Read Death in Kashmir Online

Authors: M. M. Kaye

Death in Kashmir (34 page)

Sarah's mouth tightened and her green eyes sparkled dangerously. Practical joke nothing! thought Sarah angrily, she wanted to make me look silly to Charles, and anything sillier than getting oneself locked in a lavatory I can't imagine. She'd like Charles for herself. Well, she can't have him, that's all——!

‘Cat!'
said Sarah, unaware that she had spoken the word aloud.

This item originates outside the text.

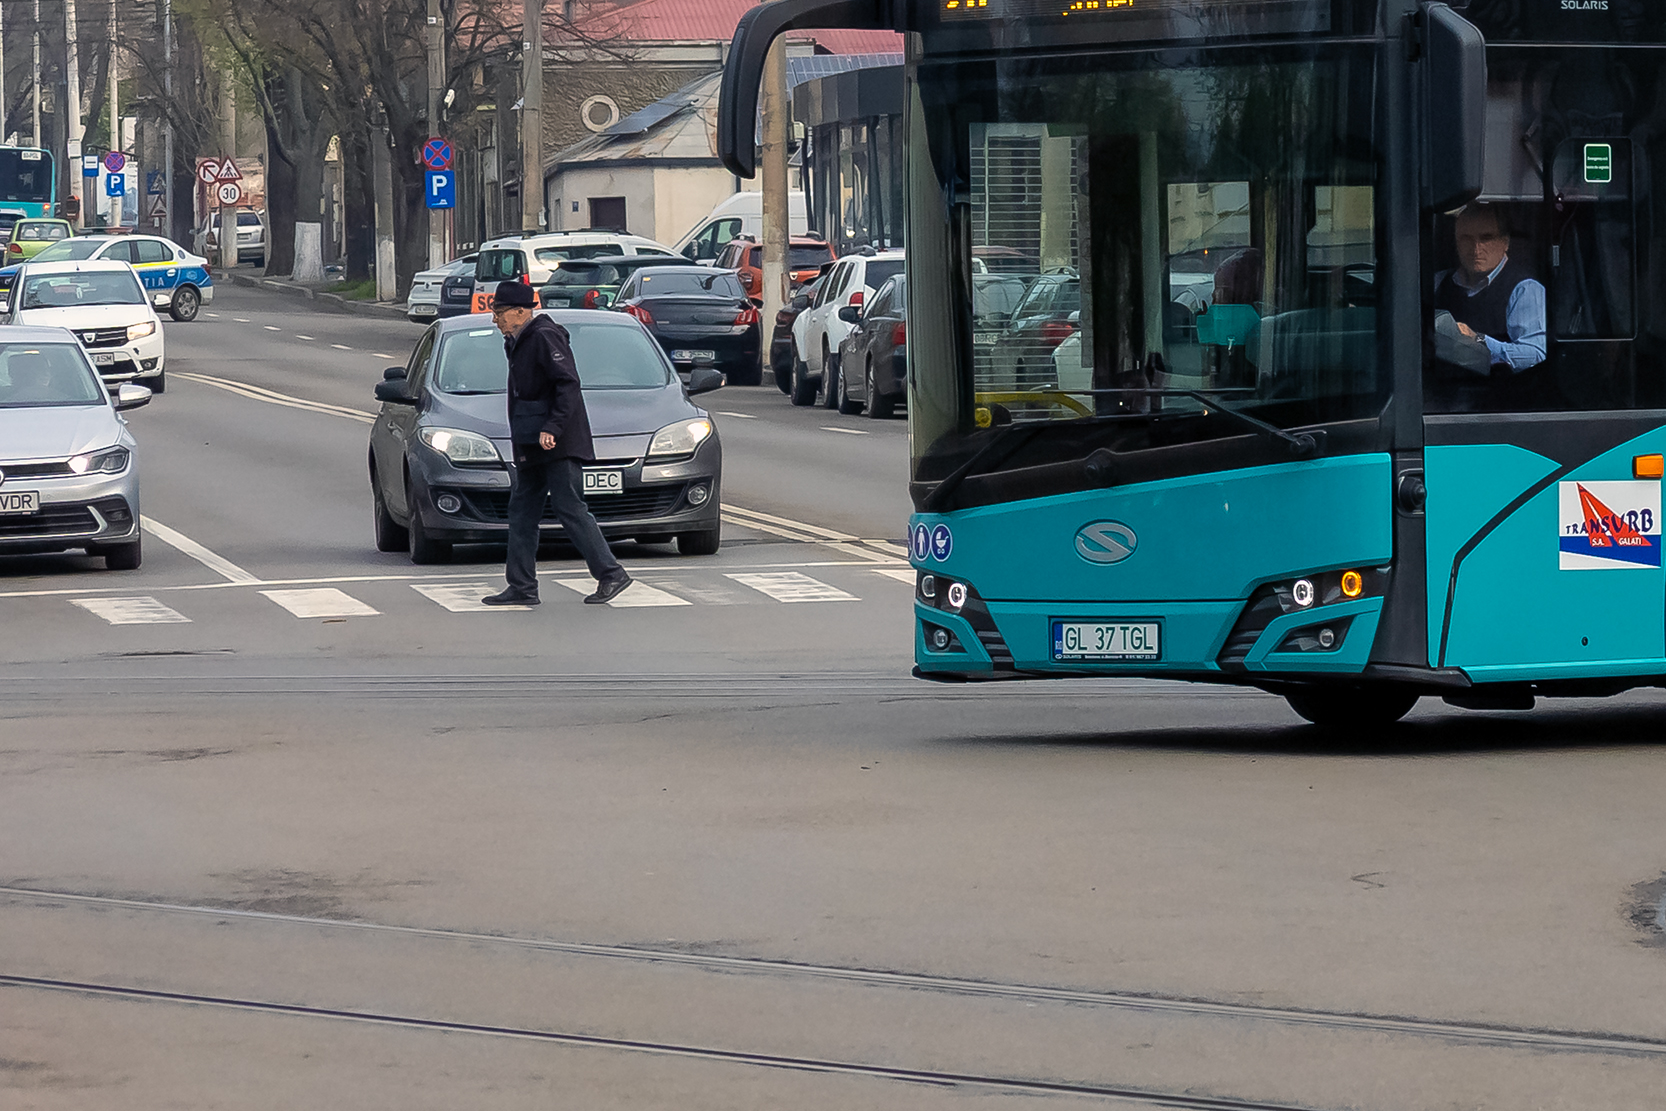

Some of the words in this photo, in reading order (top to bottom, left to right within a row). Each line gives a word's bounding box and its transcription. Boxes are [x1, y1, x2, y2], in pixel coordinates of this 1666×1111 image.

‘What's that?' asked Charles, startled.

‘Nothing,' said Sarah, flushing guiltily. ‘I was just thinking of something.'

She flicked the little sequin overboard, where it flashed briefly in the moonlight like a wicked little green eye, and was whirled away in the wake of the paddles—for now they were moving swiftly once more.

The
shikara
passed through a narrow neck of water where a grassy island bearing a row of tall poplars reached out an arm towards the shores of Nasim, and entered the wide, glimmering expanse of the Dāl Lake. On their left, among the dark masses of trees along the curving shore, lay the village of Nasim and the mosque of Hazratbal; and away in the distance, at the far side of the lake, lay the Shalimar Gardens and the mountains, misty with moonlight.

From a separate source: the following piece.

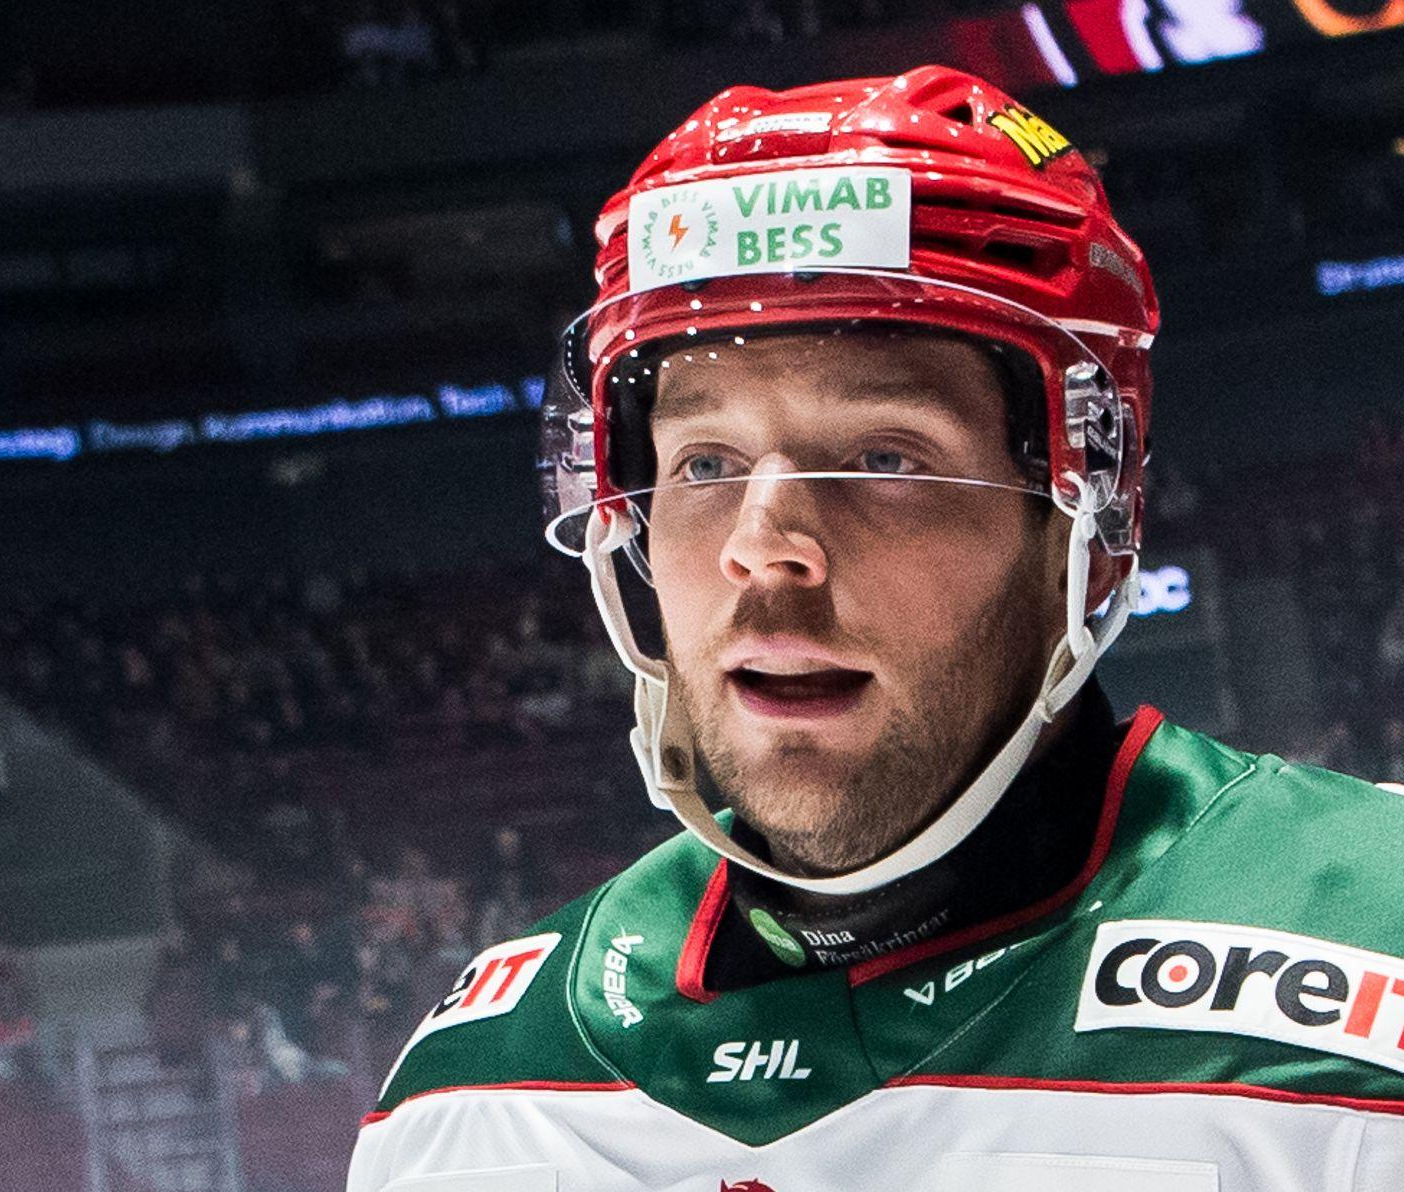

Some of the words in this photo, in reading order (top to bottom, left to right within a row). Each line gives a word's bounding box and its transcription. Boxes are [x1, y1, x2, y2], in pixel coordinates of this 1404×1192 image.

[731, 175, 894, 219] VIMAB
[736, 222, 844, 267] BESS
[801, 926, 855, 948] Dina
[706, 1039, 813, 1083] SHL

The lake stretched before them like a vast mirror, smooth and shining, and the night was so still that the dip and thrust of the paddles seemed intolerably loud in that silver silence. Yet theirs was not the only boat on the Dāl that night. There were a few little low-lying native boats, barely more than dark streaks on the gleaming water: fishermen out spearing fish, or houseboat
mānjis
returning from visits to friends in the villages. And further out on the lake, their white canopies ghost-like in the moonlight and the oil-lamps on their prows pricking warm pinpoints through the silver, were two more
shikaras.

By now their own
shikara
was heading away from the Nasim shore towards the centre of the lake, and Charles had ceased to lounge back against the cushions. He was sitting upright, leaning a little forward with his hands clenched on his knees, staring intently ahead; and Sarah, following the direction of his gaze, saw a ghostly shape afloat on the water ahead of them, and realized that it was an island. A tiny island with tall trees upon it, lonely and lovely in the middle of the moonlit Dāl.

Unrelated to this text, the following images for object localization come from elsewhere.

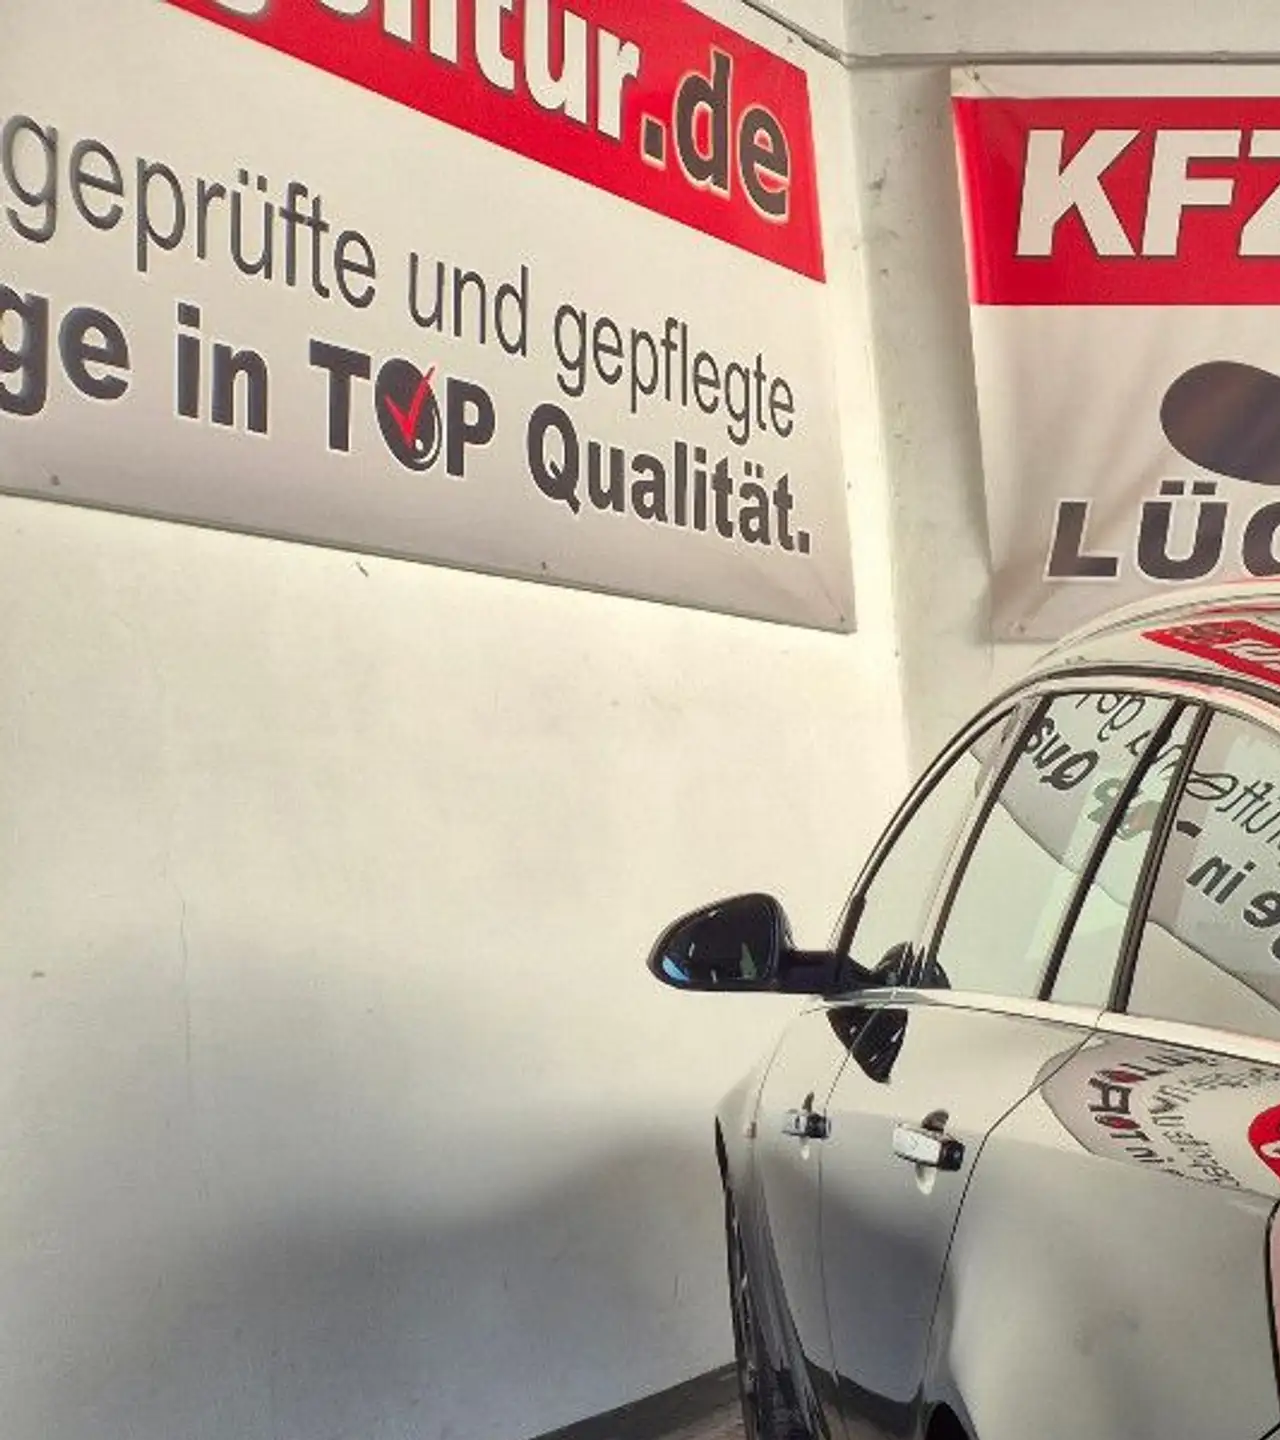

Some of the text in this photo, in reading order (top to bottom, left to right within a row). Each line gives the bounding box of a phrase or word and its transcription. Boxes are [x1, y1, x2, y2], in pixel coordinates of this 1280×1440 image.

[176, 303, 268, 434] in
[309, 339, 496, 476] TOP
[527, 402, 811, 555] Qualität.
[409, 251, 528, 357] und
[554, 303, 796, 447] gepflegte

At first it was only a shadow, a silhouette in silver point; but as they drew nearer to it the outlines sharpened and darkened, and she could see that there was a small building on the high ground in the centre of it, while at each corner a huge chenar tree leaned its boughs out over the water.

As she looked, Sarah's eye was caught by a movement away to the right of the island. There was yet another
shikara
out there on the lake, a white moth in the moonlight. But since this one carried no light at its prow, it was impossible to tell if it was moving towards the island or away from it.

Charles had seen it too, for he gave a curt order to the rowers and they checked their paddles. For a moment or two their boat moved ahead on its own momentum, the water whispering along its sides; then it slowed and drifted quietly to a stop.

Sarah moved, her dress rustling on the cushions, and Charles made a brief imperative gesture of the hand, demanding silence. He was staring out into the moonlight, his head a little on one side, and Sarah too sat still, listening. In the silence she could hear the quick breathing of the rowers behind her and the
drip, drip,
of water from a paddle. A fish jumped and a frog croaked from a patch of floating weed. Then, very faintly, she heard the sound of paddles and realized what it was that Charles was listening for.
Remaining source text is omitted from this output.